Rastros y Crónicas: Women of Juarez
The National Museum of Mexican Art has acquired "La Cortesana" for its permanent collection. The mixed media collage appears in the exhibition Rastros y Crónicas: Mujeres de Juárez, a chronicle of the struggles of Mexican women and the grievous deaths in Ciudad Juárez, running through February 14.
Mexican movies and movie posters often depict the salacious, wonton woman being seduced, or sexually used and abused by the dashing, dominant male. The man watches intently as the woman displays her body, inviting him to pleasure.

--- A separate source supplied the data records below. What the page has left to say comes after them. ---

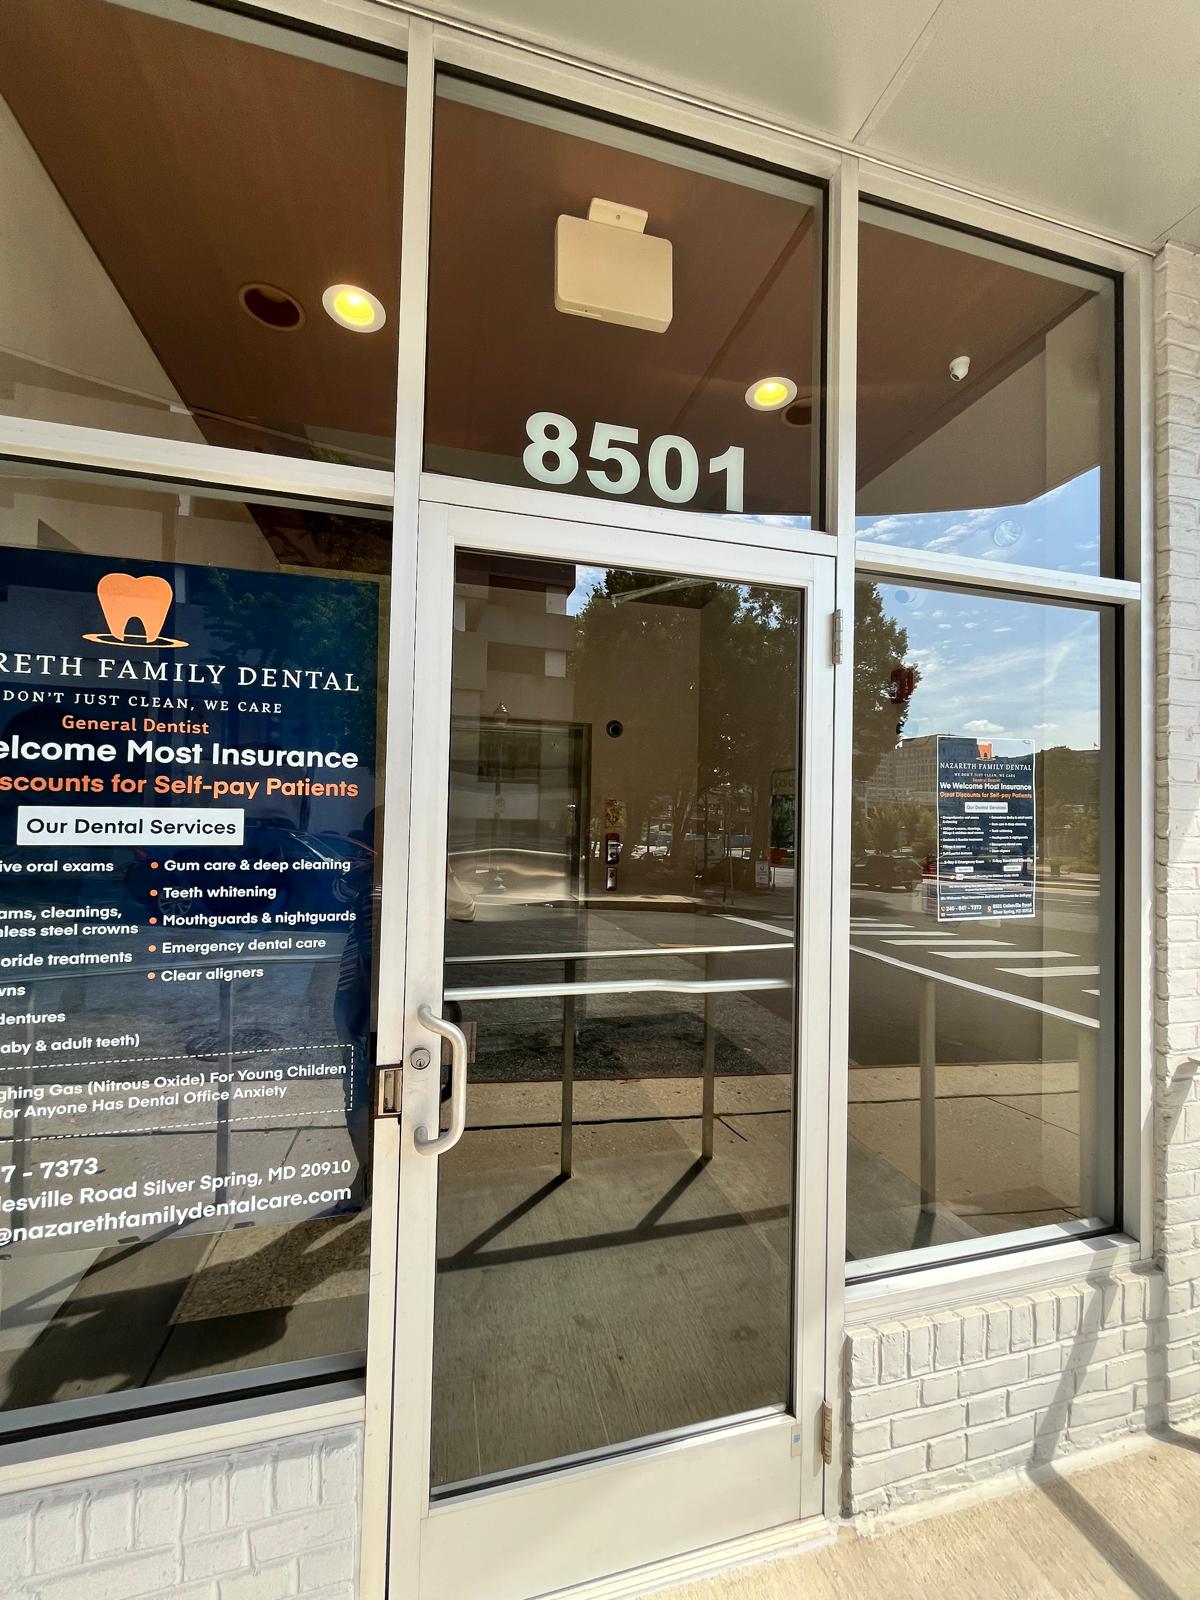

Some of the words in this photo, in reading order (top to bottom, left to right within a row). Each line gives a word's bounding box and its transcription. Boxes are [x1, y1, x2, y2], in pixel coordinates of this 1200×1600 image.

[522, 411, 744, 512] 8501
[97, 658, 226, 685] FAMILY
[237, 666, 360, 692] DENTAL
[2, 690, 65, 703] DON'T
[74, 693, 120, 706] JUST
[128, 695, 194, 711] CLEAN,
[203, 699, 229, 711] WE
[237, 701, 282, 714] CARE
[62, 714, 137, 732] General
[143, 718, 209, 735] Dentist
[127, 739, 203, 764] Most
[212, 742, 359, 769] Insurance
[940, 762, 977, 770] NAZARETH
[0, 775, 104, 793] scounts
[111, 773, 147, 793] for
[154, 775, 260, 800] Self-pay
[266, 777, 359, 797] Patients
[952, 782, 983, 790] Welcome
[1001, 783, 1032, 791] Insurance
[26, 818, 68, 834] Our
[74, 818, 143, 834] Dental
[150, 819, 236, 835] Services
[26, 859, 58, 873] oral
[62, 862, 114, 872] exams
[164, 859, 200, 871] Gum
[203, 861, 237, 871] care
[239, 859, 250, 871] &
[253, 858, 289, 873] deep
[293, 859, 351, 873] cleaning
[162, 886, 203, 899] Teeth
[206, 885, 277, 900] whitening
[40, 905, 122, 920] cleanings,
[162, 912, 259, 928] Mouthguards
[261, 912, 272, 924] &
[275, 910, 357, 926] nightguards
[40, 923, 78, 937] steel
[81, 924, 139, 936] crowns
[162, 942, 245, 955] Emergency
[247, 937, 292, 951] dental
[295, 939, 327, 949] care
[0, 953, 44, 968] oride
[47, 951, 133, 966] treatments
[160, 969, 203, 982] Clear
[205, 967, 264, 982] aligners
[1, 1041, 31, 1055] aby
[35, 1039, 47, 1052] &
[50, 1036, 93, 1051] adult
[95, 1033, 140, 1048] teeth)
[48, 1083, 83, 1097] Gas
[88, 1079, 150, 1096] (Nitrous
[154, 1073, 205, 1090] Oxide)
[210, 1072, 234, 1084] For
[237, 1069, 283, 1082] Young
[286, 1063, 347, 1078] Children
[23, 1103, 88, 1119] Anyone
[92, 1099, 124, 1112] Has
[128, 1092, 180, 1109] Dental
[183, 1089, 230, 1104] Office
[232, 1085, 288, 1100] Anxiety
[39, 1157, 98, 1179] 7373
[79, 1182, 137, 1204] Road
[143, 1179, 196, 1197] Silver
[199, 1171, 263, 1193] Spring,
[268, 1165, 296, 1182] MD
[300, 1159, 351, 1178] 20910
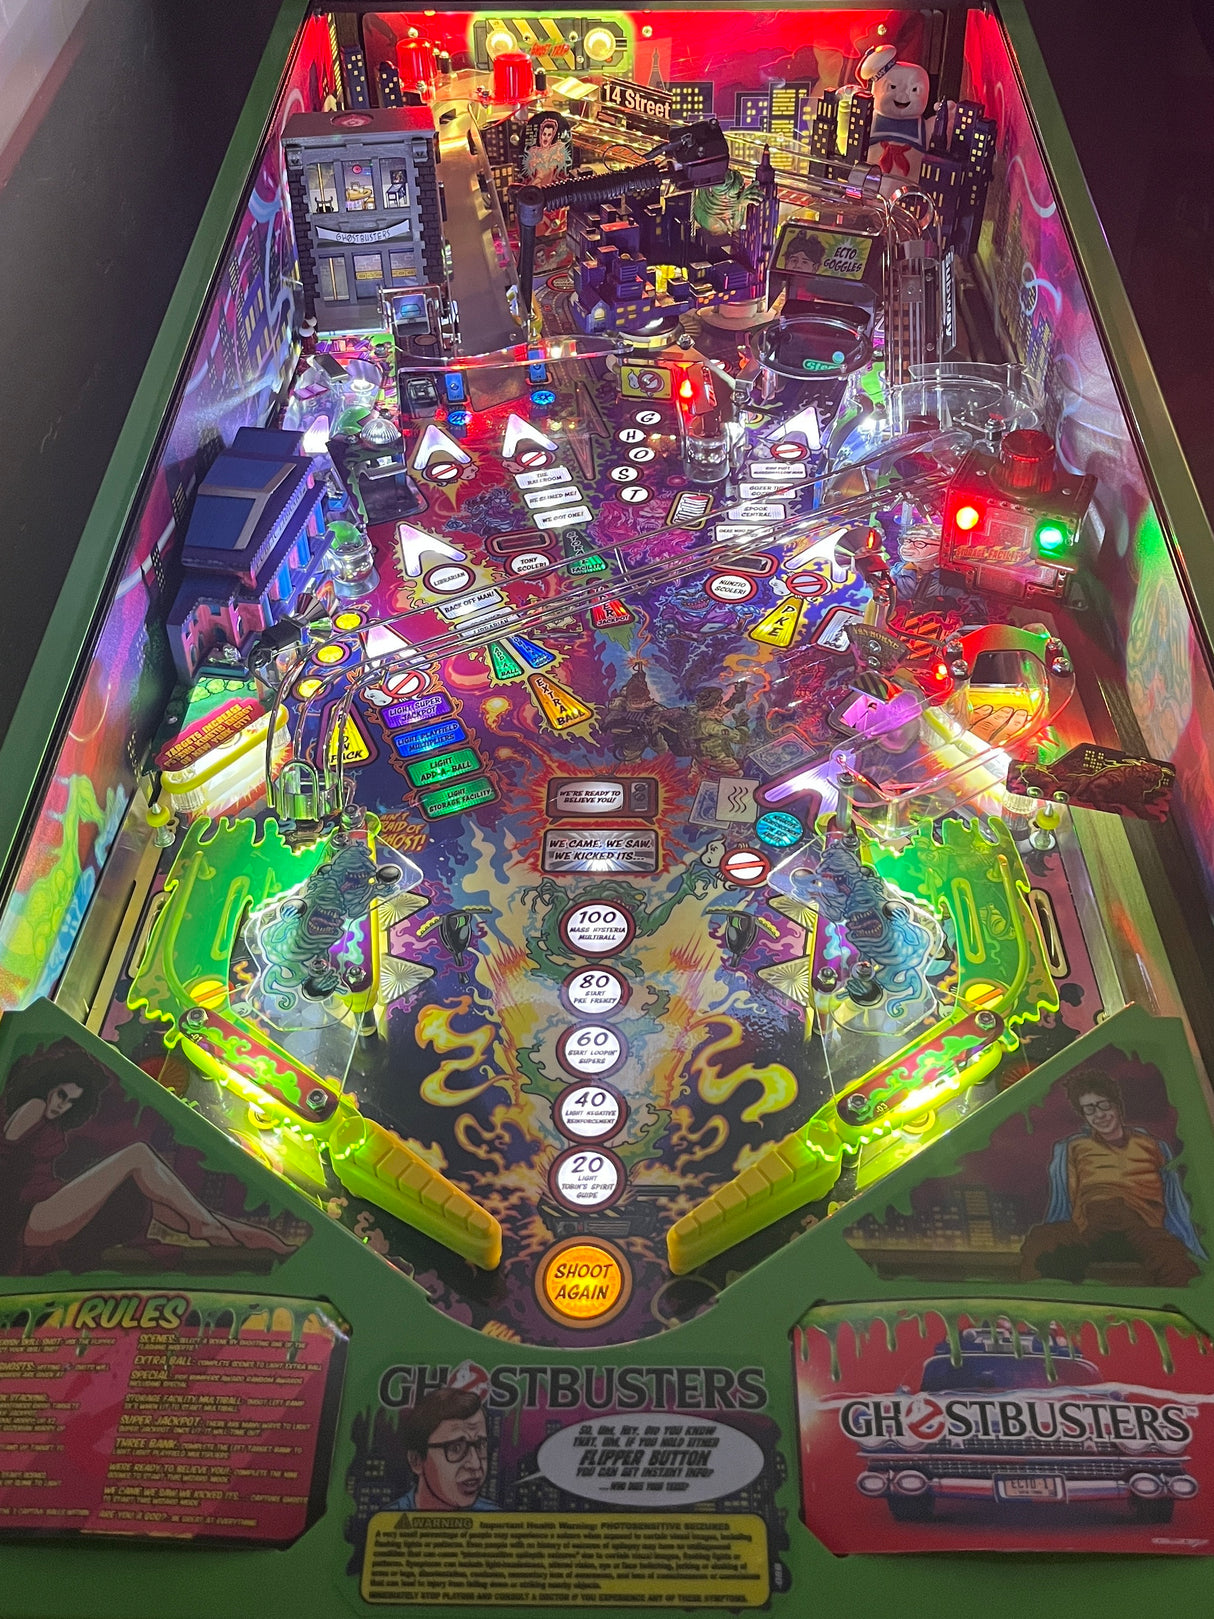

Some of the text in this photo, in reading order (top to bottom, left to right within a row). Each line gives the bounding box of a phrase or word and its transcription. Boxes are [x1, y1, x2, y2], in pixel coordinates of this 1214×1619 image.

[604, 84, 671, 119] 14 Street
[833, 247, 857, 259] ECTO
[823, 258, 862, 273] GOGGLES
[520, 557, 537, 565] TONY
[718, 579, 747, 588] NUNZIO
[714, 586, 748, 596] SCOLERI
[444, 591, 495, 613] BACK OFF MAN!
[597, 615, 630, 626] JACKPOT
[768, 604, 796, 637] PKE
[501, 669, 518, 677] BALL
[536, 679, 568, 714] EXTRA
[389, 696, 442, 716] LIGHT SUPER
[223, 704, 254, 727] ENERGY
[402, 706, 437, 722] JACKPOT
[557, 711, 585, 726] BALL
[232, 714, 252, 729] CITY
[164, 731, 203, 758] TARGETS
[429, 757, 453, 769] LIGHT
[447, 788, 466, 798] LIGHT
[429, 799, 462, 813] STORAGE
[405, 823, 422, 834] OF
[549, 839, 568, 848] WE
[606, 839, 624, 848] WE
[555, 851, 645, 861] WE KICKED ITS...
[579, 911, 617, 924] 100
[579, 974, 610, 989] 80
[576, 1031, 609, 1047] 60
[574, 1091, 607, 1107] 40
[571, 1155, 604, 1174] 20
[576, 1191, 599, 1199] GUIDE
[554, 1263, 613, 1279] SHOOT
[554, 1284, 610, 1300] AGAIN
[75, 1294, 191, 1329] RULES
[134, 1355, 167, 1365] EXTRA
[119, 1415, 153, 1425] SUPER
[841, 1396, 1192, 1443] GHOSTBUSTERS
[664, 1425, 683, 1436] YOU
[115, 1438, 147, 1447] THREE
[638, 1437, 658, 1447] YOU
[578, 1449, 712, 1466] FLIPPER BUTTON
[576, 1467, 596, 1477] YOU
[412, 1517, 473, 1529] WARNING

But the Women of Juarez are not movie stars and they did not invite "men to pleasure." They are young working women that were taken hostage, raped, and killed for perverse and angry pleasure.
Is it possible
that media has a place in this
grisly story of pain and loss?
Can media - movies and movie posters - effect the way that men understand their relationship and responsibilities to women and family?

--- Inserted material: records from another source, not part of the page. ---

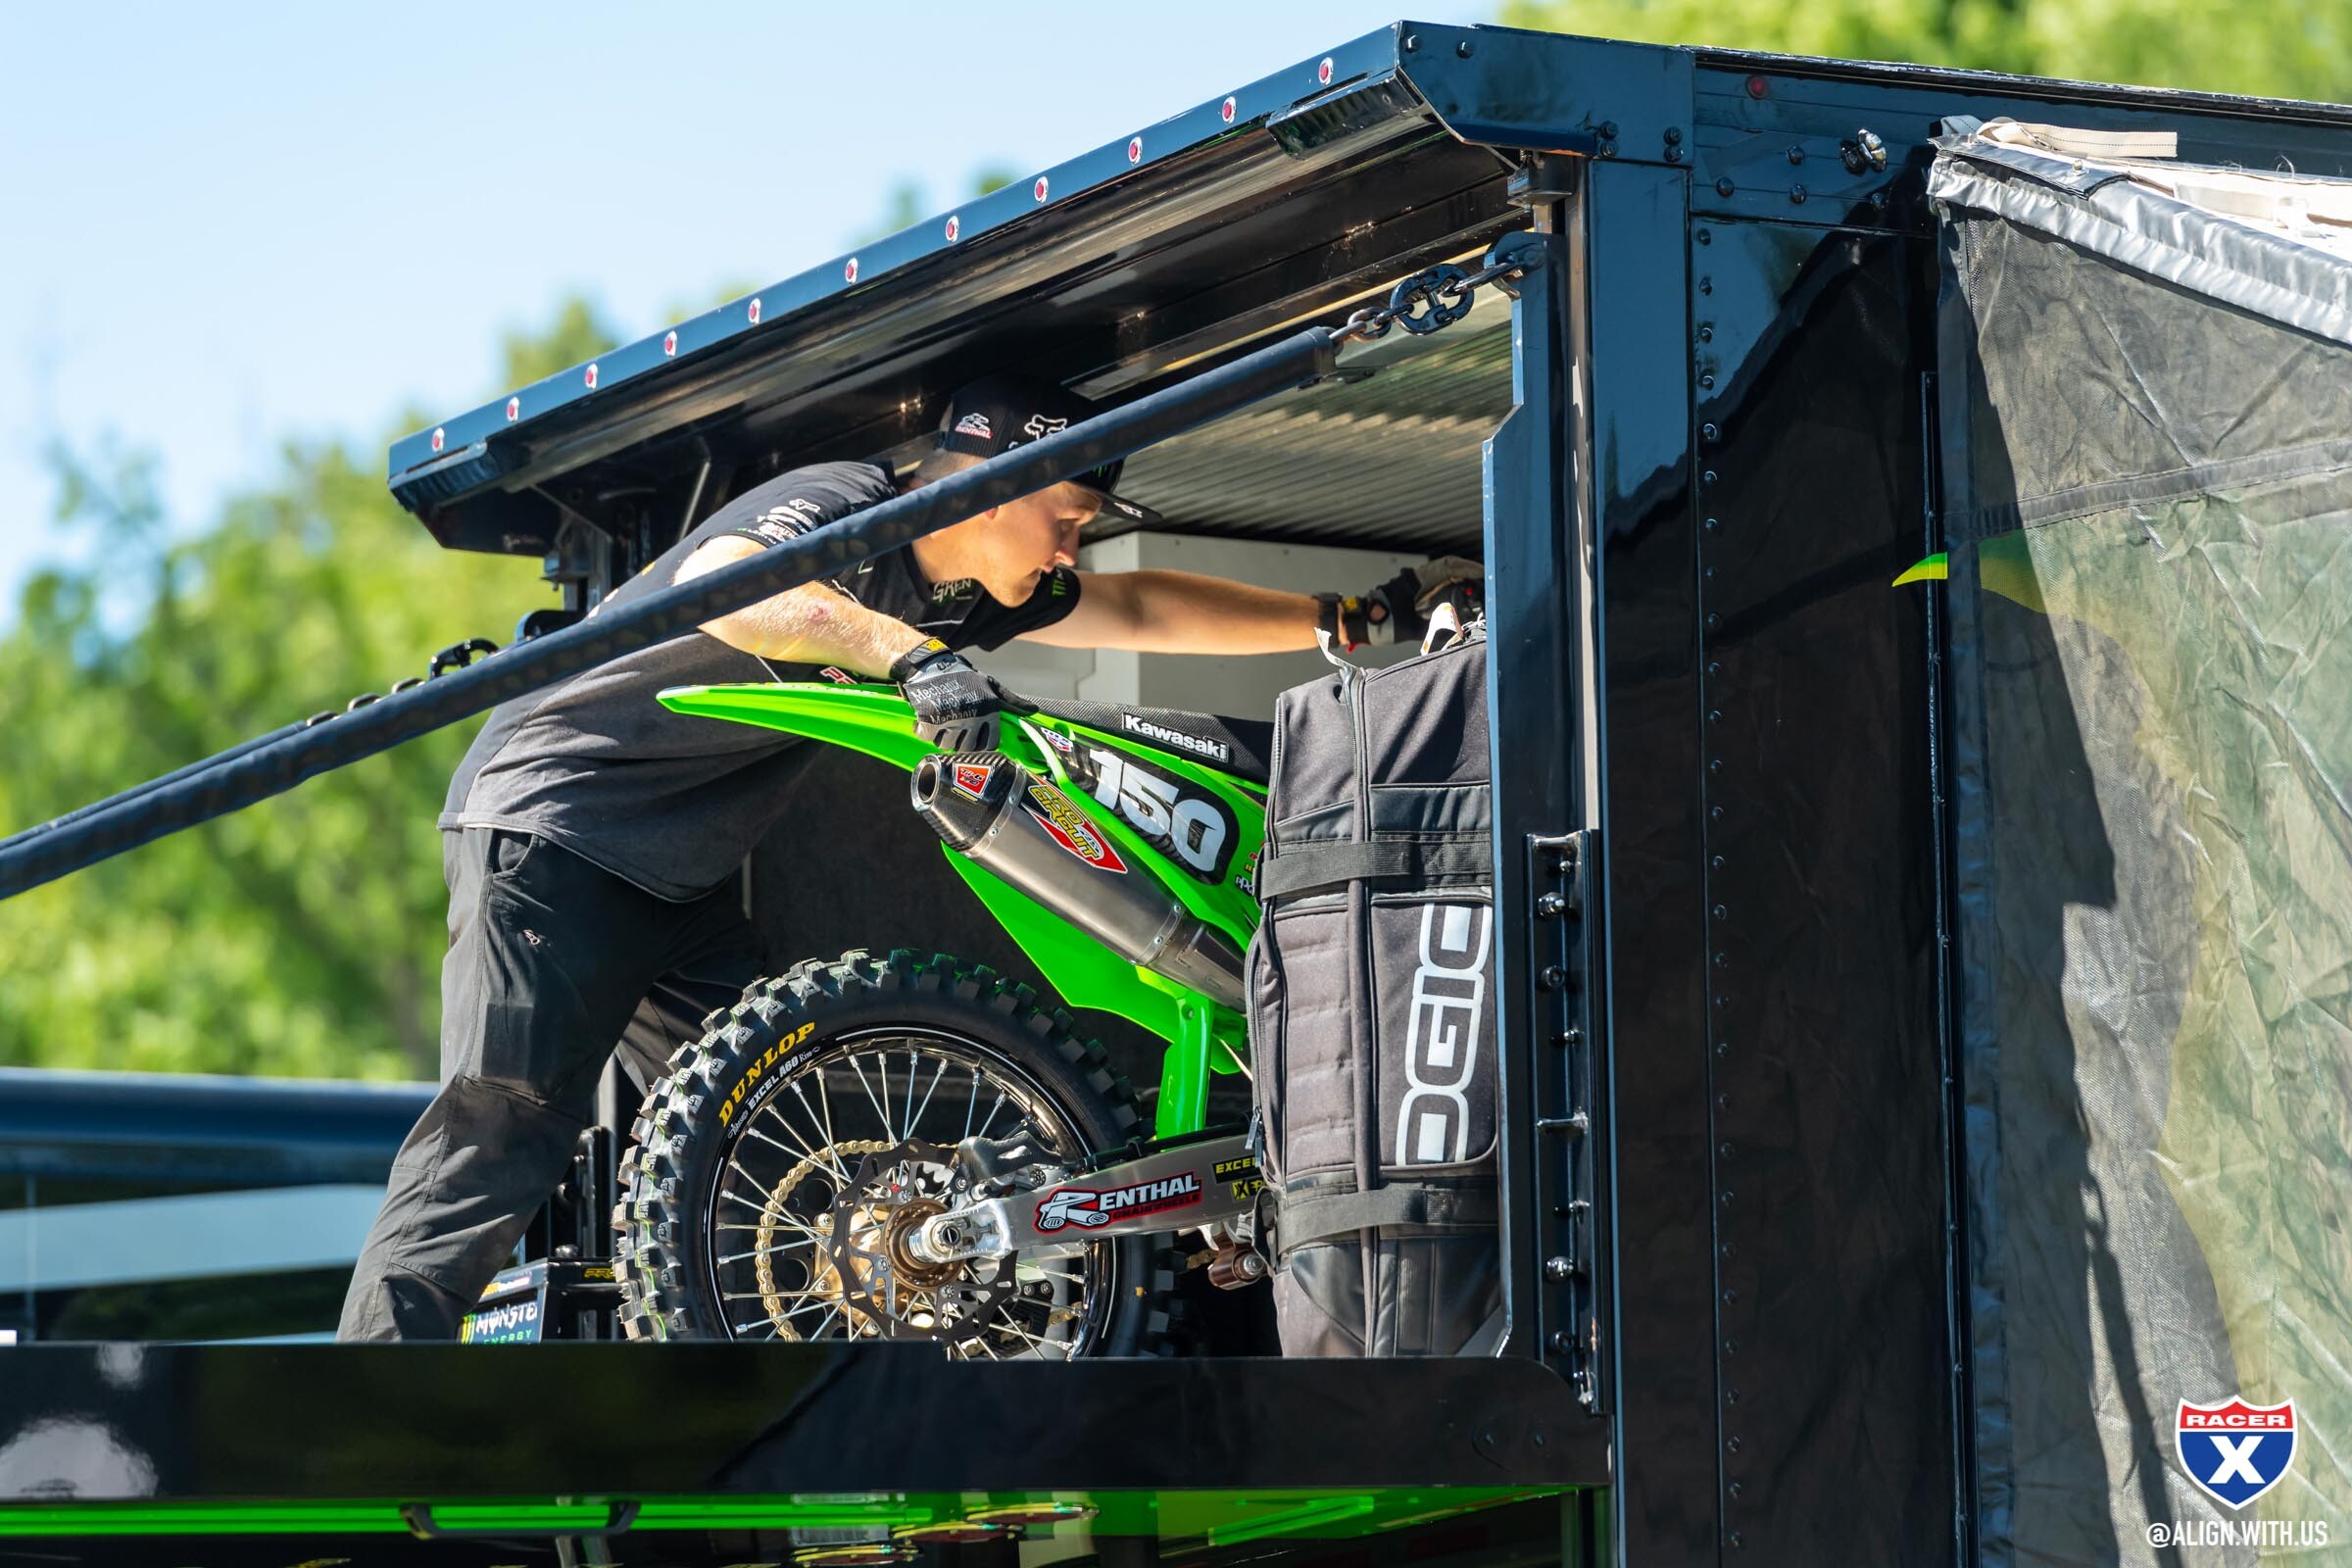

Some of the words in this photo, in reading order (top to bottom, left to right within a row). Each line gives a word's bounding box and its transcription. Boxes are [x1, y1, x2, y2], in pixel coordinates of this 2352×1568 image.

[910, 679, 962, 704] Mechanix
[1124, 714, 1228, 760] Kawasaki
[1029, 786, 1100, 858] CIRCUIT
[1089, 748, 1227, 873] 150
[719, 1022, 815, 1127] DUNLOP
[747, 1075, 780, 1110] EXCEL
[1215, 1157, 1255, 1174] EXCE
[1038, 1174, 1200, 1231] RENTHAL

In Cortesana I have manipulated two Mexican
movie posters, adding pictures
of the victims, families and
protestors, to draw attention
to the over-sexualized imagery
of Mexican media, the loss
of dignity for women, the manipulative
nature of seduction, and the
aggression and hatred inherent
in rape.
Cortesana, a mixed media collage, is placed
on a manufactured white shelf
indicative of the silence of
international media having "shelved" this important issue. This shelf is also reminiscent of classical casket designs and the silence of the headstones on the graves of the victims.